[Start of section]

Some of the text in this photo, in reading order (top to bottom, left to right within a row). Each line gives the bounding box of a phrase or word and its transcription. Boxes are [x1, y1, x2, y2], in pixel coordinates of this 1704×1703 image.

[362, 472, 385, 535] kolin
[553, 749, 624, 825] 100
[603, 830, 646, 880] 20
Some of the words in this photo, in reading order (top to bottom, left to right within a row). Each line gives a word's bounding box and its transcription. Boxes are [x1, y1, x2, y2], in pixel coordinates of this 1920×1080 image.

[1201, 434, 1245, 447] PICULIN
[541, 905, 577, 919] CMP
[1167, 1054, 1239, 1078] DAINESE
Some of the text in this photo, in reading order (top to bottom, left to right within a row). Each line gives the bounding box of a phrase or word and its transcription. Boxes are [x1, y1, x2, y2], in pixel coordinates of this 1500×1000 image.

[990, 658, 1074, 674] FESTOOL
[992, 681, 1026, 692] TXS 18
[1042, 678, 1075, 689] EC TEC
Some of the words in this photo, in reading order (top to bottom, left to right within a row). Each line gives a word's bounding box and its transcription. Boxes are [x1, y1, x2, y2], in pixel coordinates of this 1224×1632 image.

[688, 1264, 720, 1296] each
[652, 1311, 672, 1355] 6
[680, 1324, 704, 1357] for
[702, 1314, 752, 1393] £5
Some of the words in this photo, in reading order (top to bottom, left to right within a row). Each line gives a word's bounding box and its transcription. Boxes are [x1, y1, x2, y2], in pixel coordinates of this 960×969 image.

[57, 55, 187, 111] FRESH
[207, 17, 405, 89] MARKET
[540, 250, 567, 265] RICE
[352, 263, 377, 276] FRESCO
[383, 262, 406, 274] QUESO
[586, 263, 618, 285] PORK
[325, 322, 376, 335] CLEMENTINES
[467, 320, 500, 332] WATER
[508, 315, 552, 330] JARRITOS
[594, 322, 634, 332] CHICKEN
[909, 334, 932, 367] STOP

[End of section]

* Work instructions *
All of the records above should be copied exactly.

* Completed exercise *
Some of the text in this photo, in reading order (top to bottom, left to right within a row). Each line gives the bounding box of a phrase or word and its transcription. Boxes are [x1, y1, x2, y2], in pixel coordinates of this 1704×1703 image.

[362, 472, 385, 535] kolin
[553, 749, 624, 825] 100
[603, 830, 646, 880] 20
Some of the words in this photo, in reading order (top to bottom, left to right within a row). Each line gives a word's bounding box and its transcription. Boxes are [x1, y1, x2, y2], in pixel coordinates of this 1920×1080 image.

[1201, 434, 1245, 447] PICULIN
[541, 905, 577, 919] CMP
[1167, 1054, 1239, 1078] DAINESE
Some of the text in this photo, in reading order (top to bottom, left to right within a row). Each line gives the bounding box of a phrase or word and its transcription. Boxes are [x1, y1, x2, y2], in pixel coordinates of this 1500×1000 image.

[990, 658, 1074, 674] FESTOOL
[992, 681, 1026, 692] TXS 18
[1042, 678, 1075, 689] EC TEC
Some of the words in this photo, in reading order (top to bottom, left to right within a row). Each line gives a word's bounding box and its transcription. Boxes are [x1, y1, x2, y2], in pixel coordinates of this 1224×1632 image.

[688, 1264, 720, 1296] each
[652, 1311, 672, 1355] 6
[680, 1324, 704, 1357] for
[702, 1314, 752, 1393] £5
Some of the words in this photo, in reading order (top to bottom, left to right within a row). Each line gives a word's bounding box and its transcription. Boxes are [x1, y1, x2, y2], in pixel coordinates of this 960×969 image.

[57, 55, 187, 111] FRESH
[207, 17, 405, 89] MARKET
[540, 250, 567, 265] RICE
[352, 263, 377, 276] FRESCO
[383, 262, 406, 274] QUESO
[586, 263, 618, 285] PORK
[325, 322, 376, 335] CLEMENTINES
[467, 320, 500, 332] WATER
[508, 315, 552, 330] JARRITOS
[594, 322, 634, 332] CHICKEN
[909, 334, 932, 367] STOP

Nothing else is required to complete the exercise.